Below are the records; retype them exactly and omit each picture.

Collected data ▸
====
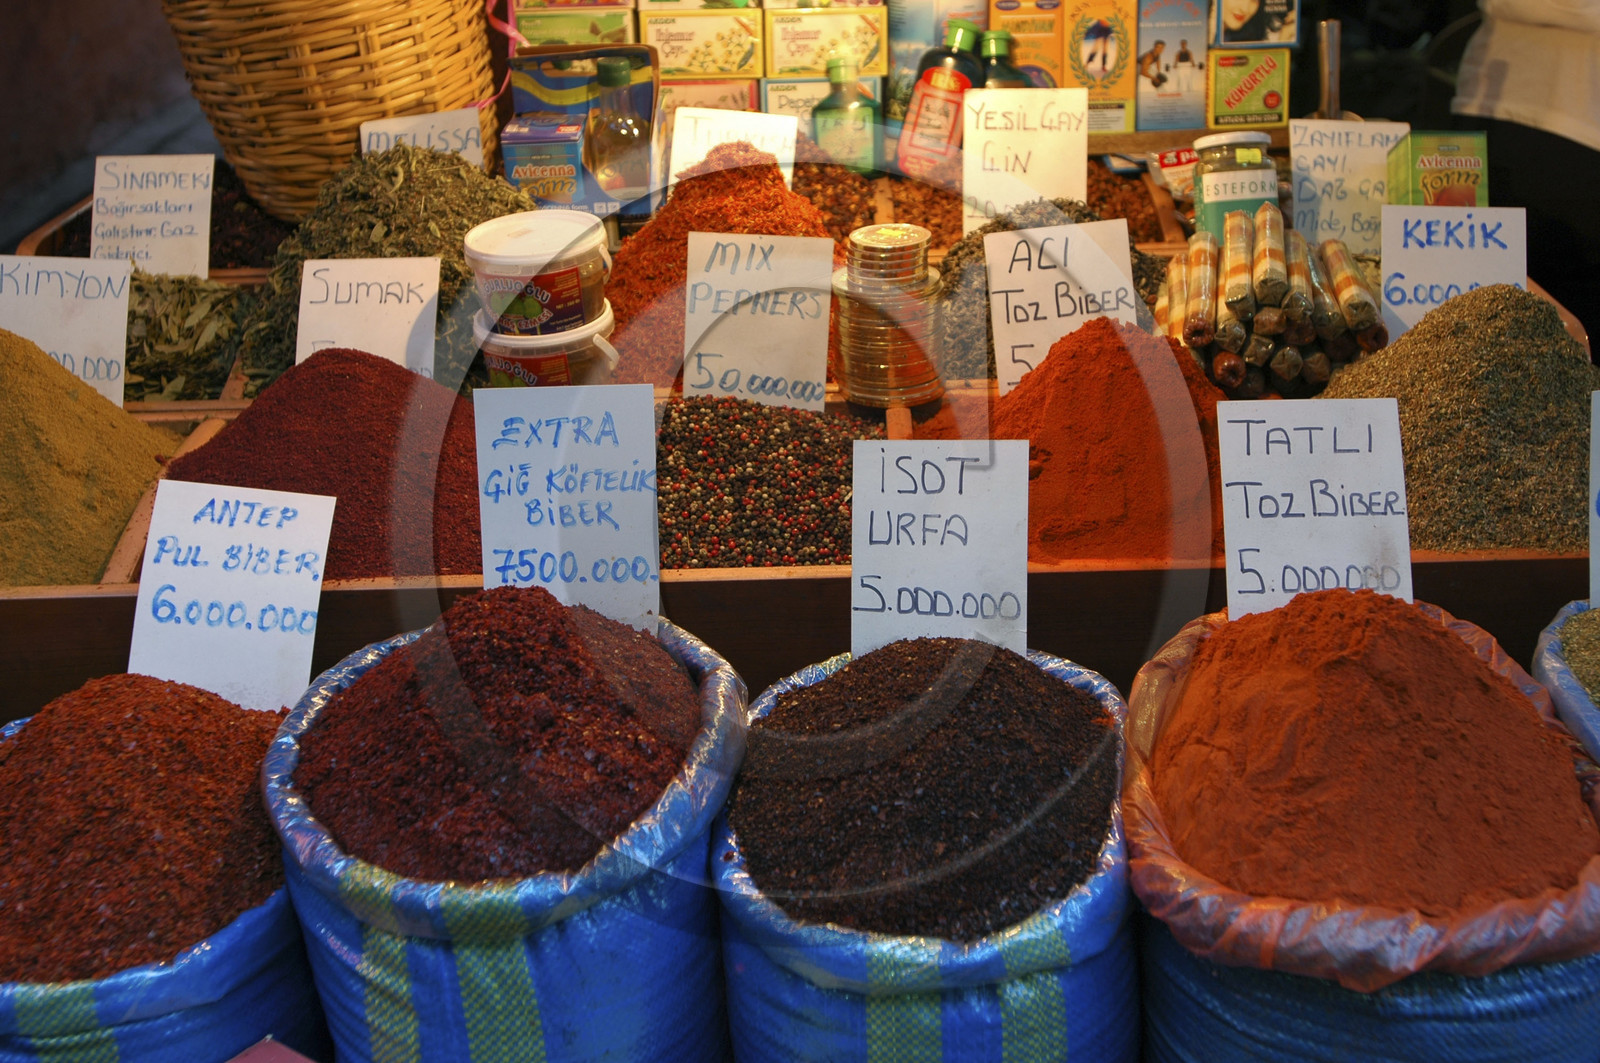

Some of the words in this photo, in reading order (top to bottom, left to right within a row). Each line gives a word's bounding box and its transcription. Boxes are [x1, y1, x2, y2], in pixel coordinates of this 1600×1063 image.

[1224, 54, 1278, 111] KÜKÜRTLÜ
[512, 164, 576, 178] Avicenna
[1417, 155, 1483, 168] Avicenna
[522, 179, 576, 197] orm
[1205, 181, 1278, 197] ESTEFORM
[1420, 170, 1481, 204] form
[1009, 237, 1069, 273] ACI
[309, 268, 424, 304] SUMAK
[492, 411, 619, 450] EXTRA
[1227, 419, 1373, 456] TATLI
[193, 498, 298, 528] ANTEP
[869, 510, 968, 546] URFA
[152, 584, 318, 634] 6.000.000
[852, 575, 1021, 620] 5.000.000
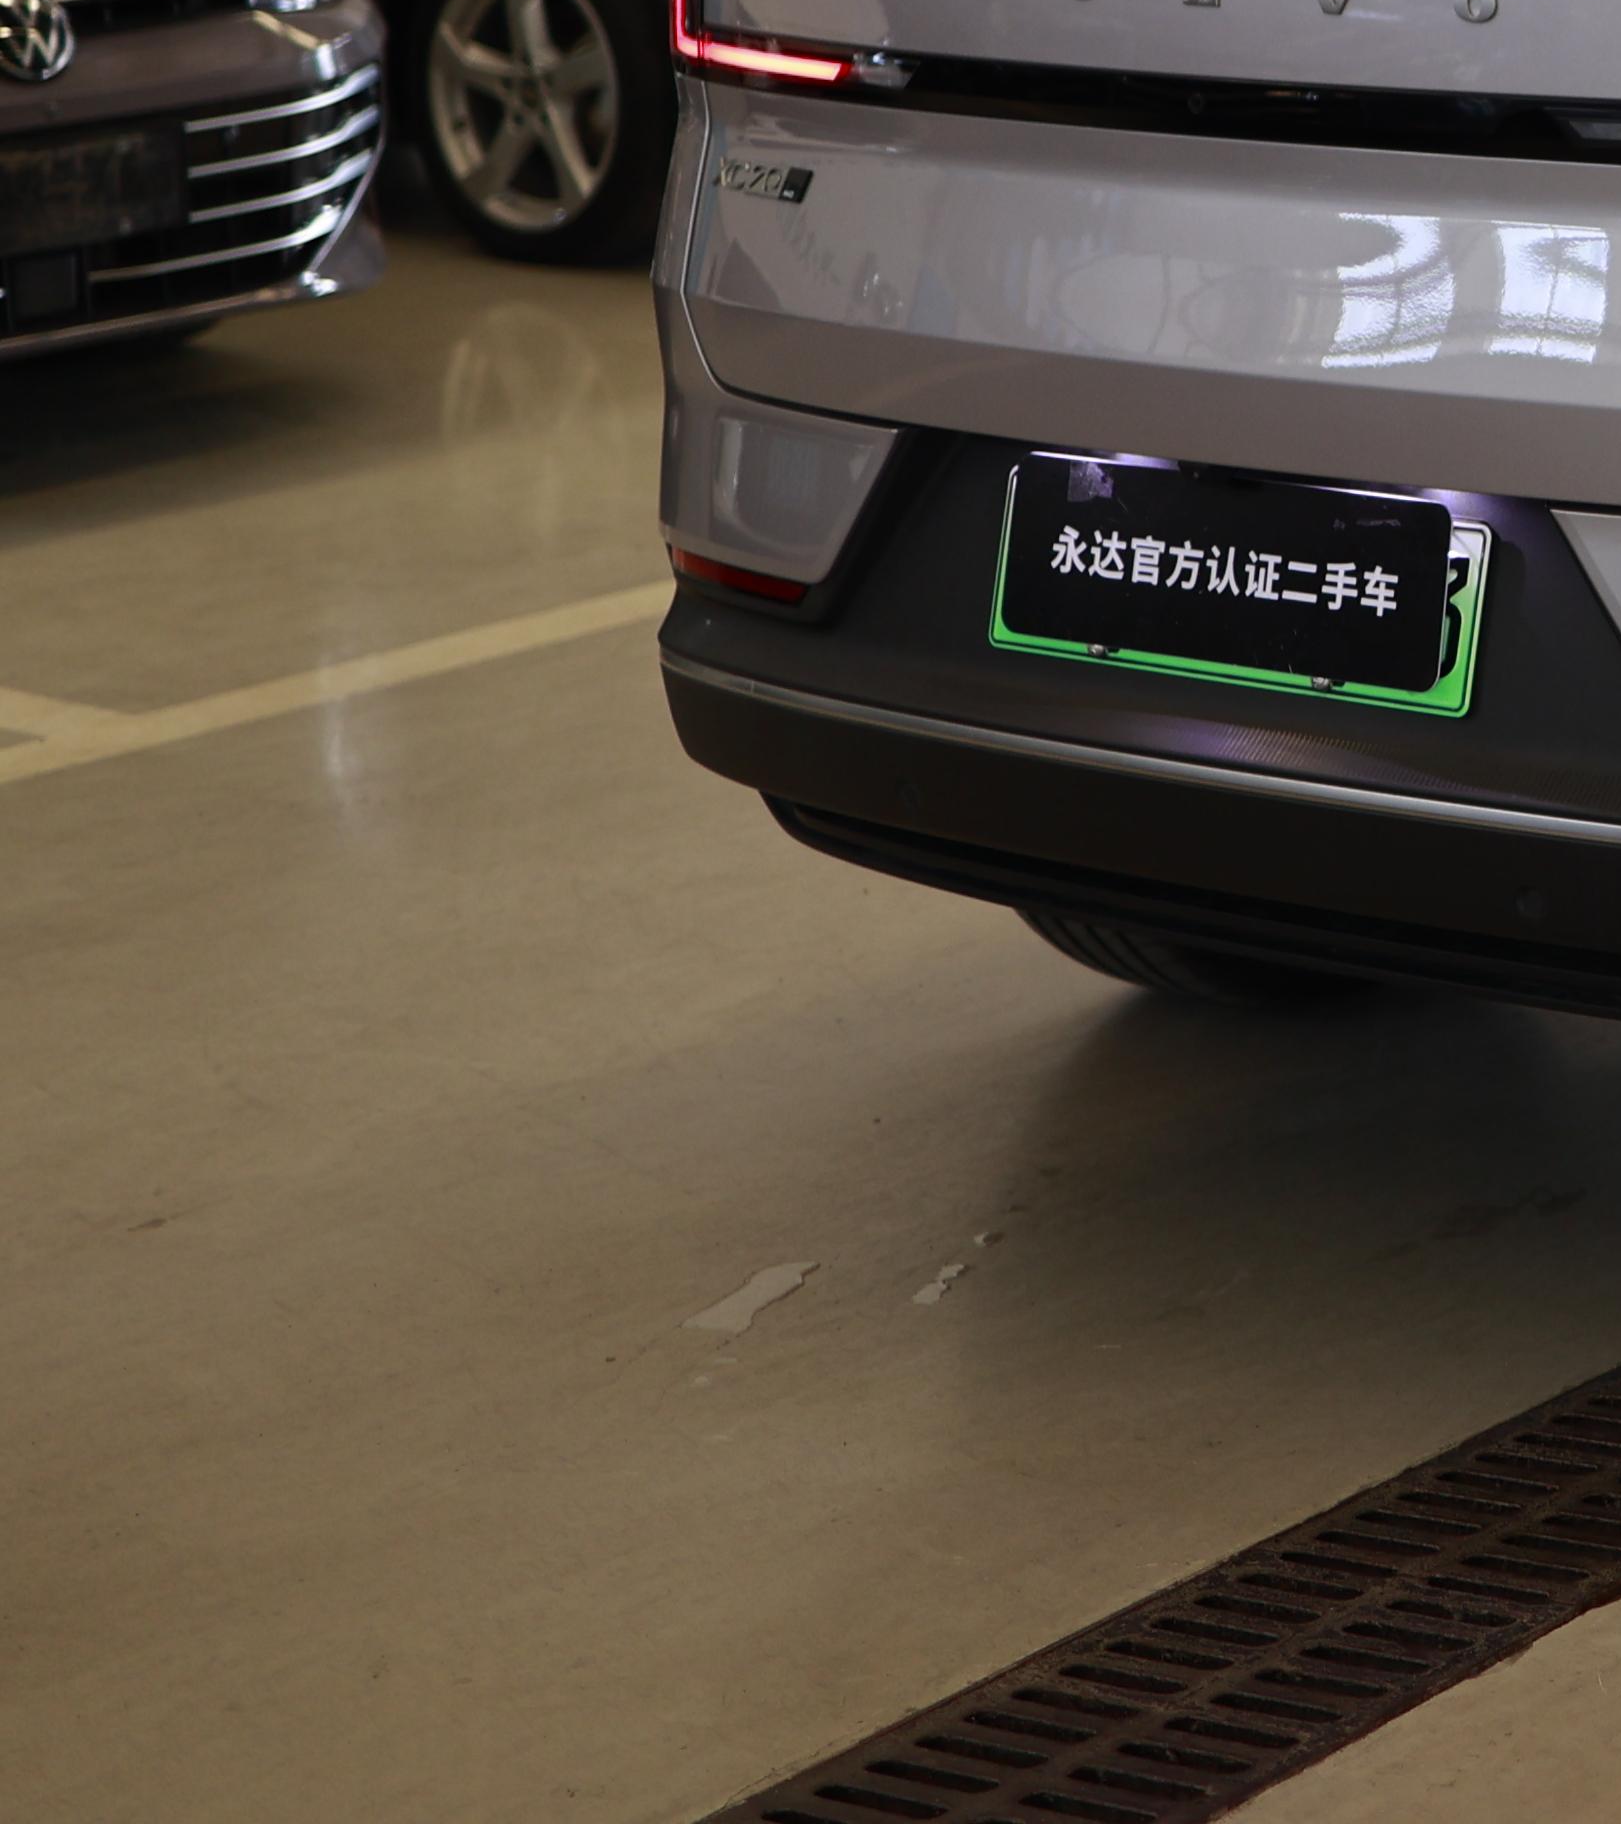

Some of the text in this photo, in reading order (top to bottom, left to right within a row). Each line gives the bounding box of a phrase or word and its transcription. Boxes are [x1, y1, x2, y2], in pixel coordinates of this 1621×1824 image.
====
EXERCISE SOLUTION ▸
Some of the words in this photo, in reading order (top to bottom, left to right within a row). Each line gives a word's bounding box and its transcription. Boxes are [x1, y1, x2, y2], in pixel coordinates of this 1600×1063 image.

[1224, 54, 1278, 111] KÜKÜRTLÜ
[512, 164, 576, 178] Avicenna
[1417, 155, 1483, 168] Avicenna
[522, 179, 576, 197] orm
[1205, 181, 1278, 197] ESTEFORM
[1420, 170, 1481, 204] form
[1009, 237, 1069, 273] ACI
[309, 268, 424, 304] SUMAK
[492, 411, 619, 450] EXTRA
[1227, 419, 1373, 456] TATLI
[193, 498, 298, 528] ANTEP
[869, 510, 968, 546] URFA
[152, 584, 318, 634] 6.000.000
[852, 575, 1021, 620] 5.000.000

Some of the text in this photo, in reading order (top to bottom, left to right within a row). Each line gives the bounding box of a phrase or word and its transcription. Boxes are [x1, y1, x2, y2], in pixel coordinates of this 1621×1824 image.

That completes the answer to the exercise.